■ **What to do**
Which lines run from the one containing "Some of the words" to the end of the records? Write them out exactly, both ends included, and nothing else.

:: Raw data

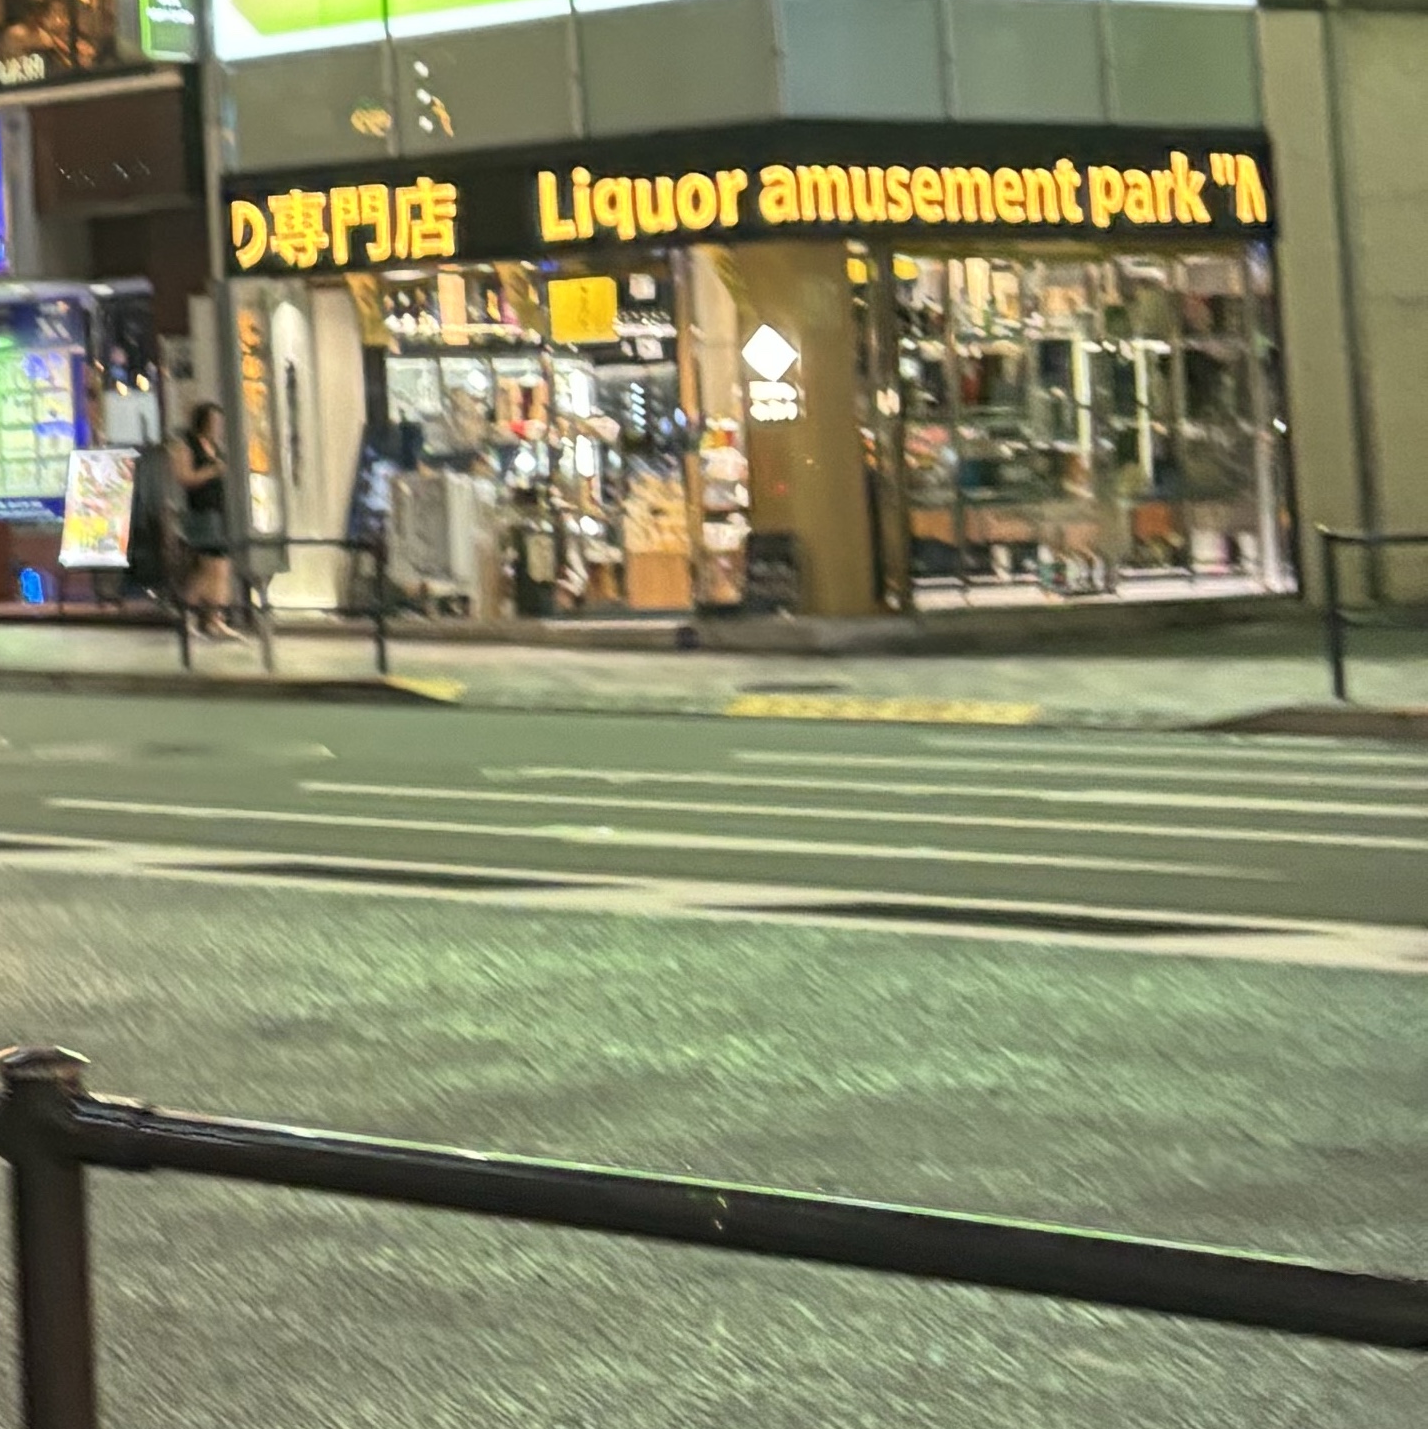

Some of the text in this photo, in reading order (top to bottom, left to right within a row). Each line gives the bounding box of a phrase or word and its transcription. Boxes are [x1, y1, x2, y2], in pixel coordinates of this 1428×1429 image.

[538, 166, 749, 243] Liquor
[758, 157, 1085, 224] amusement
[1087, 150, 1212, 229] park
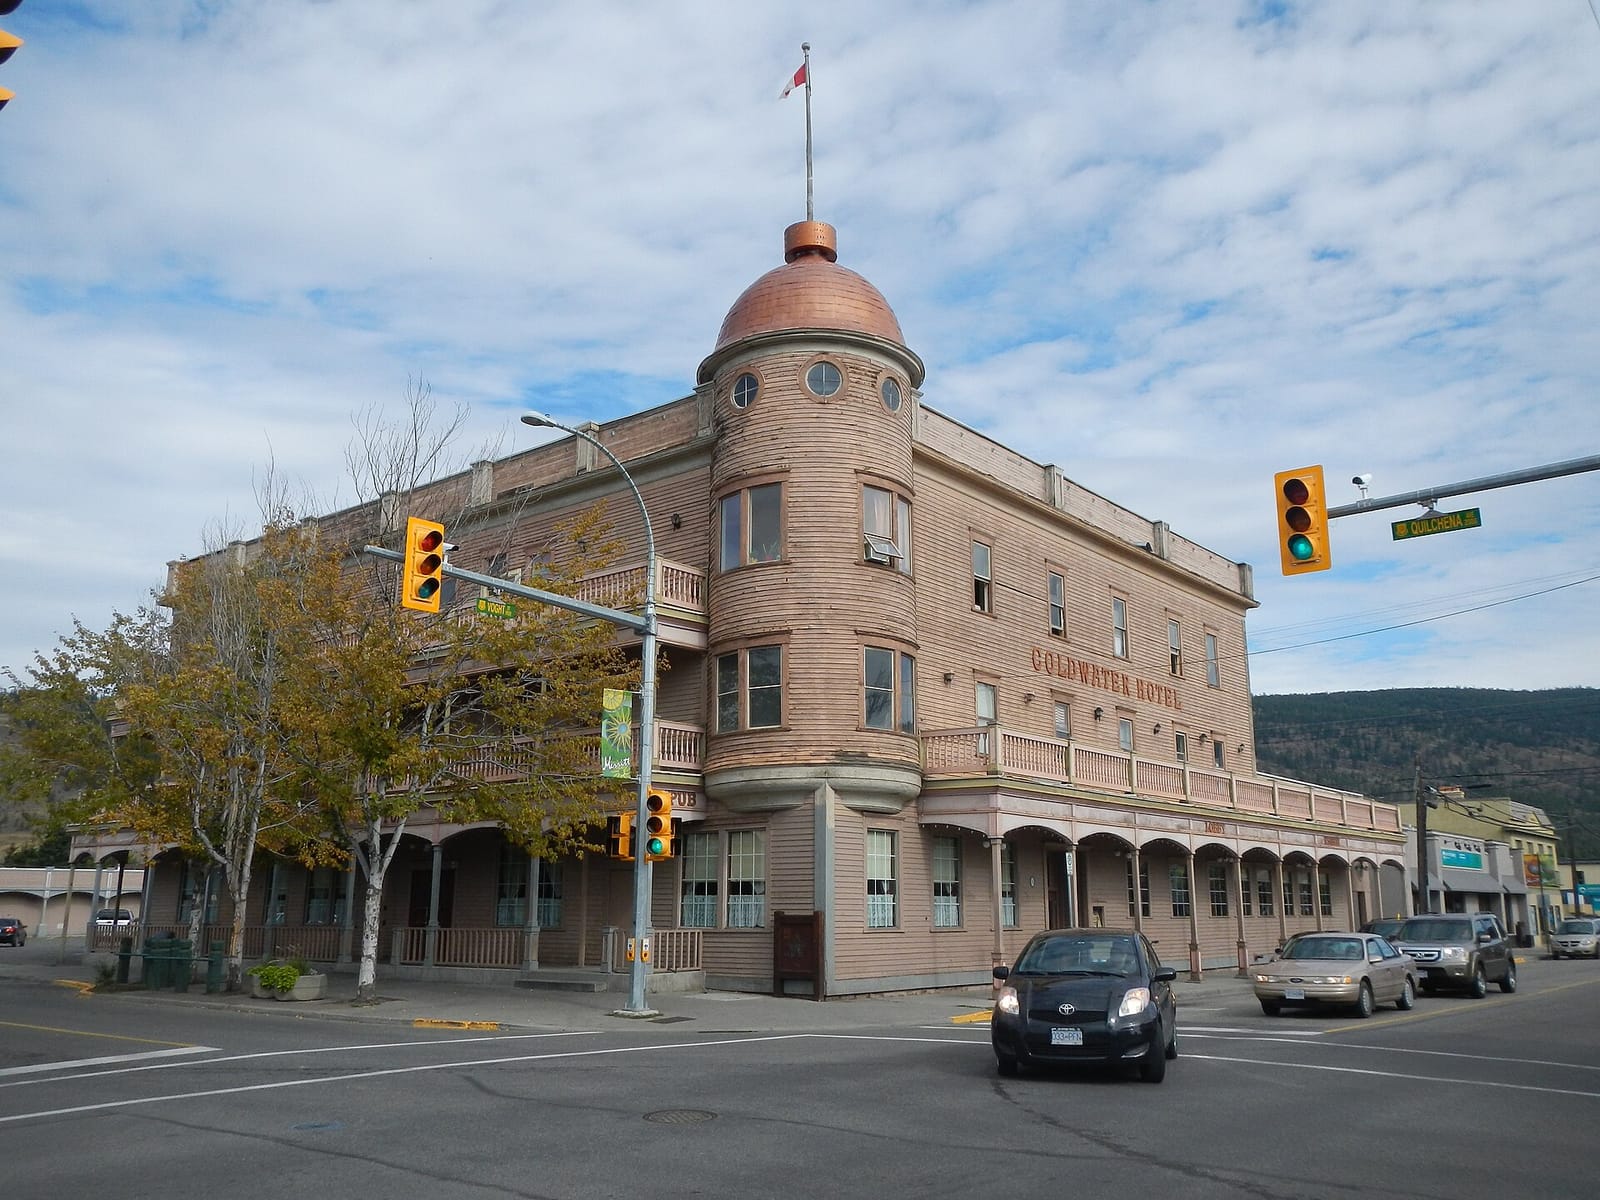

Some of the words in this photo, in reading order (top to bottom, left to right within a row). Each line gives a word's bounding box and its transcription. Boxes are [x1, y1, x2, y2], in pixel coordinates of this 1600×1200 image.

[1410, 513, 1463, 536] QUILCHENA
[487, 601, 506, 615] VOGHT
[1031, 646, 1131, 697] COLDWATER
[1136, 677, 1183, 710] HOTEL
[602, 755, 631, 771] Merritt
[671, 792, 697, 807] PUB
[1205, 821, 1225, 834] LOBBY

::::

■ **Your response**
Some of the words in this photo, in reading order (top to bottom, left to right within a row). Each line gives a word's bounding box and its transcription. Boxes are [x1, y1, x2, y2], in pixel coordinates of this 1600×1200 image.

[1410, 513, 1463, 536] QUILCHENA
[487, 601, 506, 615] VOGHT
[1031, 646, 1131, 697] COLDWATER
[1136, 677, 1183, 710] HOTEL
[602, 755, 631, 771] Merritt
[671, 792, 697, 807] PUB
[1205, 821, 1225, 834] LOBBY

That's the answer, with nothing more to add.